03-04. CNI プラグインをインストールする
こちらのページ を参考にインストールを行います。
[root@host1 vagrant]# kubectl create -f https://docs.projectcalico.org/manifests/tigera-operator.yaml customresourcedefinition.apiextensions.k8s.io/bgpconfigurations.crd.projectcalico.org created customresourcedefinition.apiextensions.k8s.io/bgppeers.crd.projectcalico.org created customresourcedefinition.apiextensions.k8s.io/blockaffinities.crd.projectcalico.org created customresourcedefinition.apiextensions.k8s.io/clusterinformations.crd.projectcalico.org created customresourcedefinition.apiextensions.k8s.io/felixconfigurations.crd.projectcalico.org created customresourcedefinition.apiextensions.k8s.io/globalnetworkpolicies.crd.projectcalico.org created customresourcedefinition.apiextensions.k8s.io/globalnetworksets.crd.projectcalico.org created customresourcedefinition.apiextensions.k8s.io/hostendpoints.crd.projectcalico.org created customresourcedefinition.apiextensions.k8s.io/ipamblocks.crd.projectcalico.org created customresourcedefinition.apiextensions.k8s.io/ipamconfigs.crd.projectcalico.org created customresourcedefinition.apiextensions.k8s.io/ipamhandles.crd.projectcalico.org created customresourcedefinition.apiextensions.k8s.io/ippools.crd.projectcalico.org created customresourcedefinition.apiextensions.k8s.io/kubecontrollersconfigurations.crd.projectcalico.org created customresourcedefinition.apiextensions.k8s.io/networkpolicies.crd.projectcalico.org created customresourcedefinition.apiextensions.k8s.io/networksets.crd.projectcalico.org created customresourcedefinition.apiextensions.k8s.io/imagesets.operator.tigera.io created customresourcedefinition.apiextensions.k8s.io/installations.operator.tigera.io created customresourcedefinition.apiextensions.k8s.io/tigerastatuses.operator.tigera.io created namespace/tigera-operator created podsecuritypolicy.policy/tigera-operator created serviceaccount/tigera-operator created clusterrole.rbac.authorization.k8s.io/tigera-operator created clusterrolebinding.rbac.authorization.k8s.io/tigera-operator created deployment.apps/tigera-operator created [root@host1 vagrant]# kubectl create -f https://docs.projectcalico.org/manifests/custom-resources.yaml installation.operator.tigera.io/default created
calico のリソースが作成されていることを確認します。
[root@host1 vagrant]# kubectl get pods -n calico-system NAME READY STATUS RESTARTS AGE calico-kube-controllers-f95867bfb-q7kp2 1/1 Running 0 72s calico-node-njxcp 1/1 Running 0 72s calico-node-zzn95 1/1 Running 0 72s calico-typha-7b65b9686d-6hgmf 1/1 Running 0 65s calico-typha-7b65b9686d-sgsdk 1/1 Running 0 72s
Node の状態を確認してみます。
[root@host1 vagrant]# kubectl get nodes NAME STATUS ROLES AGE VERSION host1 Ready control-plane,master 19m v1.20.5 host2 Ready <none> 3m18s v1.20.5
どちらのノードも Ready になりました。
4. 動作確認
nginx Pod を ClusterIP で公開して、busybox からアクセスしてみようと思います。

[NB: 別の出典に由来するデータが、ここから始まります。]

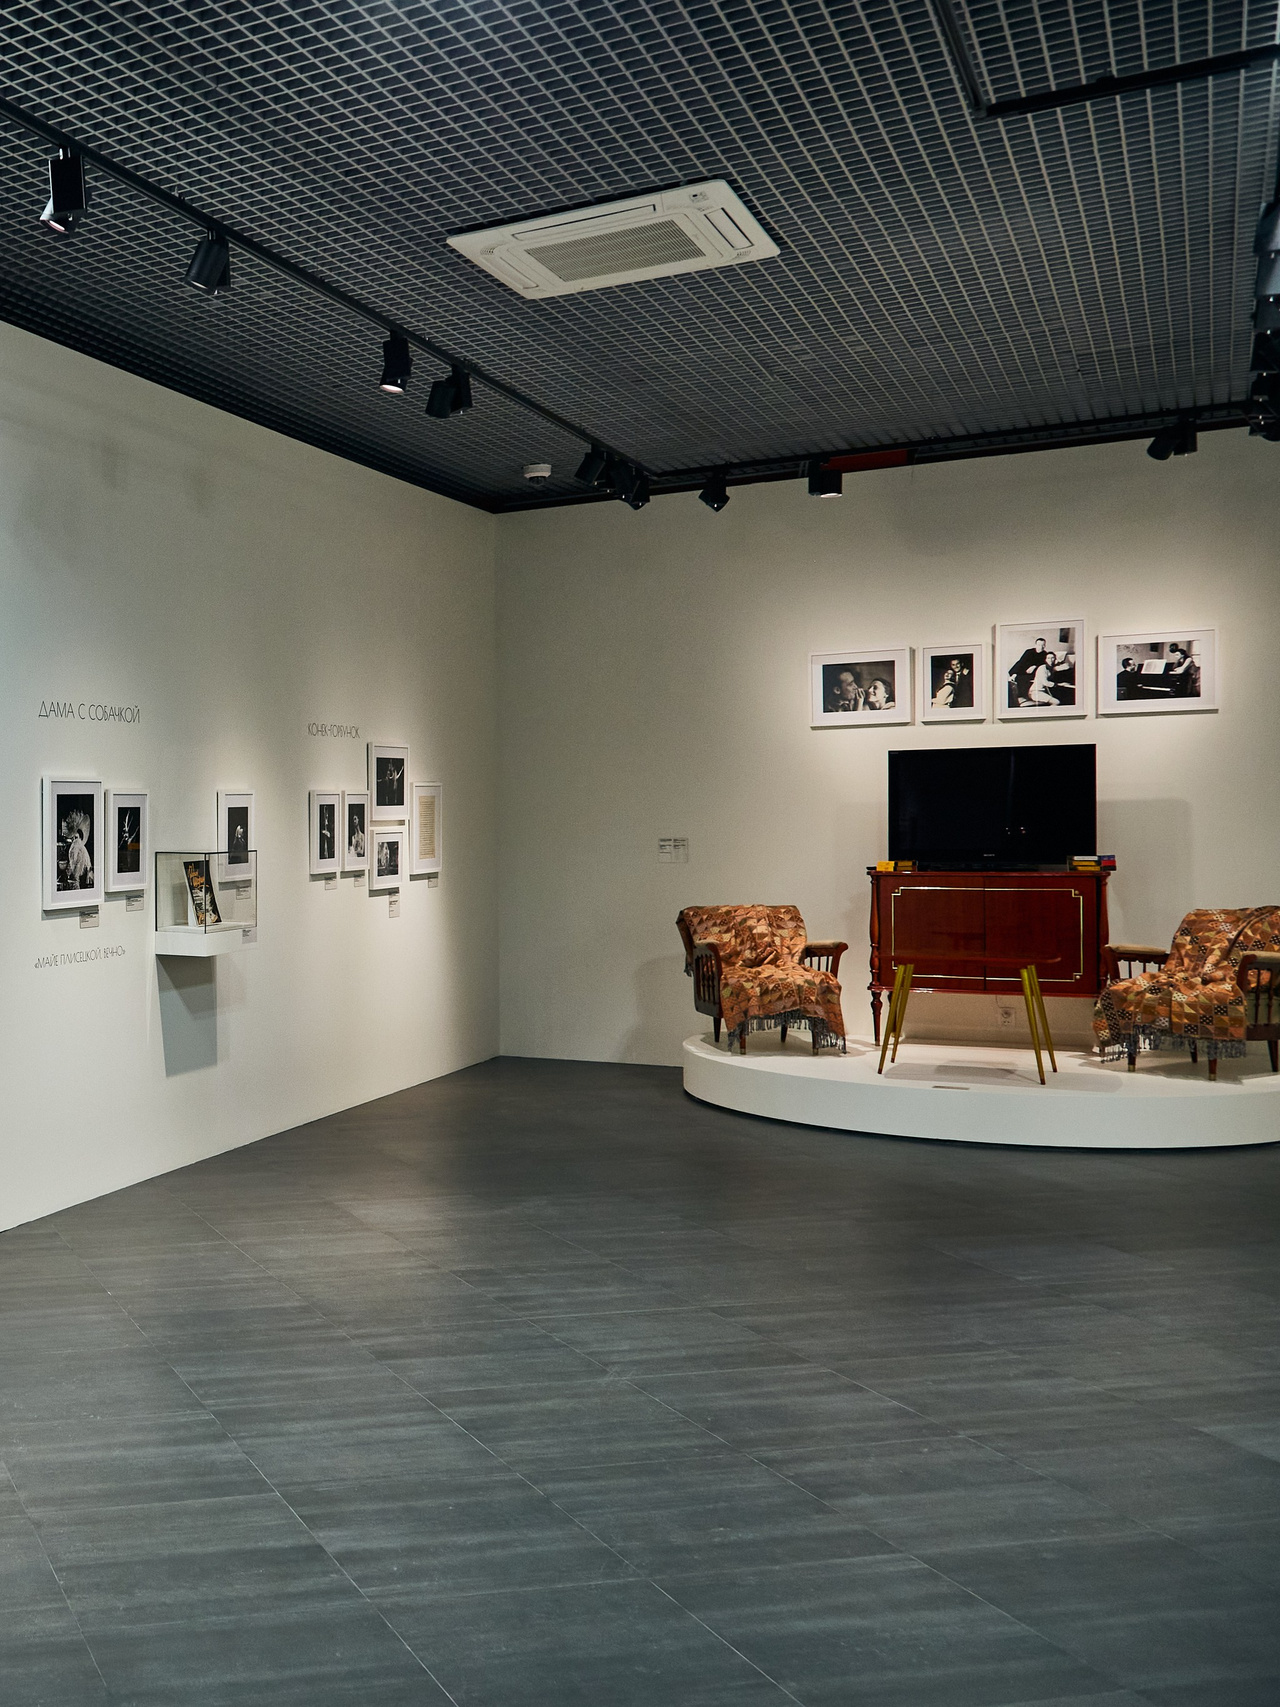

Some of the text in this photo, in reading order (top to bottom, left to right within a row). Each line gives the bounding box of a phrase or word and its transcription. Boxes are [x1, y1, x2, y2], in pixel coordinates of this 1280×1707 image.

[root@host1 vagrant]# kubectl run nginx --image=nginx pod/nginx created [root@host1 vagrant]# kubectl expose pod nginx --port 80 service/nginx exposed [root@host1 vagrant]# kubectl get svc nginx NAME TYPE CLUSTER-IP EXTERNAL-IP PORT(S) AGE nginx ClusterIP 10.96.165.73 <none> 80/TCP 21s [root@host1 vagrant]# kubectl run testpod --image=busybox -it --rm --command -- wget -O- -q 10.96.165.73 If you don't see a command prompt, try pressing enter. Error attaching, falling back to logs: unable to upgrade connection: container testpod not found in pod testpod_default <!DOCTYPE html> <html> <head> <title>Welcome to nginx!</title> <style> body { width: 35em; margin: 0 auto; font-family: Tahoma, Verdana, Arial, sans-serif; } </style> </head> <body> <h1>Welcome to nginx!</h1> <p>If you see this page, the nginx web server is successfully installed and working. Further configuration is required.</p> <p>For online documentation and support please refer to <a href="http://nginx.org/">nginx.org</a>.<br/> Commercial support is available at <a href="http://nginx.com/">nginx.com</a>.</p> <p><em>Thank you for using nginx.</em></p> </body> </html> pod "testpod" deleted
nginx から HTML が返却されました。
最後に
引き続き docker や linux のネットワークや仮想化について調べたいと思います。